Nike caught up with logistical problems that inflate its costs

New York (awp/afp) – US sporting goods giant Nike unveiled better-than-expected quarterly results on Thursday, but its margins are eroded by logistics costs, promotional operations to reduce inventory and currency effects .

The company’s revenue is on the rise again, rising 4% from June to August, the period corresponding to its first accounting quarter, to reach 12.7 billion dollars, more than the 12.27 billion expected.

If currency effects were not taken into account, sales would be up 10%.

The group’s net profit for its part fell by 22% to 1.5 billion dollars.

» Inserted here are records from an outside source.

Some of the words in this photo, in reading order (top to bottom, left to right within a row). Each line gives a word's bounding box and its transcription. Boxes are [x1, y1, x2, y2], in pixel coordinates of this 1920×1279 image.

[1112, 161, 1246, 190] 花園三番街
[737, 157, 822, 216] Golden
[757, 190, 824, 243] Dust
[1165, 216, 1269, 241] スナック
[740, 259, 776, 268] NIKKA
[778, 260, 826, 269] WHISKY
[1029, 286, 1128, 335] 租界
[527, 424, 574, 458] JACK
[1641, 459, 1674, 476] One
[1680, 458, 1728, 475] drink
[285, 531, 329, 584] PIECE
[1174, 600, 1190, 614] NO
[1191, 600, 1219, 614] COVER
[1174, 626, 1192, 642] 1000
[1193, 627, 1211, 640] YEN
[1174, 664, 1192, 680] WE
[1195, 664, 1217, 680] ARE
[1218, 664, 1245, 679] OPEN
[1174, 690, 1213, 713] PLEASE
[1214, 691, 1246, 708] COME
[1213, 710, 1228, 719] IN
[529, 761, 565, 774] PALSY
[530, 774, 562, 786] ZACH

On a per share basis and excluding special items, the preferred measure of Wall Street investors, earnings came in at 93 cents, just above the 92 cents expected by analysts.

The action fell despite everything by nearly 5% in electronic trading just after the publication of these results.

The group’s gross margin fell, suffering in particular from “high freight and logistics expenses” and generally unfavorable exchange rates, explains Nike.

The company also had to reduce prices on certain products that it sells directly in its own stores or online, in North America in particular to sell off its stocks.

Nike has indeed seen its inventories jump 44% compared to the same period in 2021. Demand for its products remains “solid”, says the group. But shipments are slow to arrive due to ongoing difficulties in the supply chain.

At the same time, the company saw its marketing and administrative expenses increase by 10%, with in particular an increase in salary expenses and strategic investments in technologies.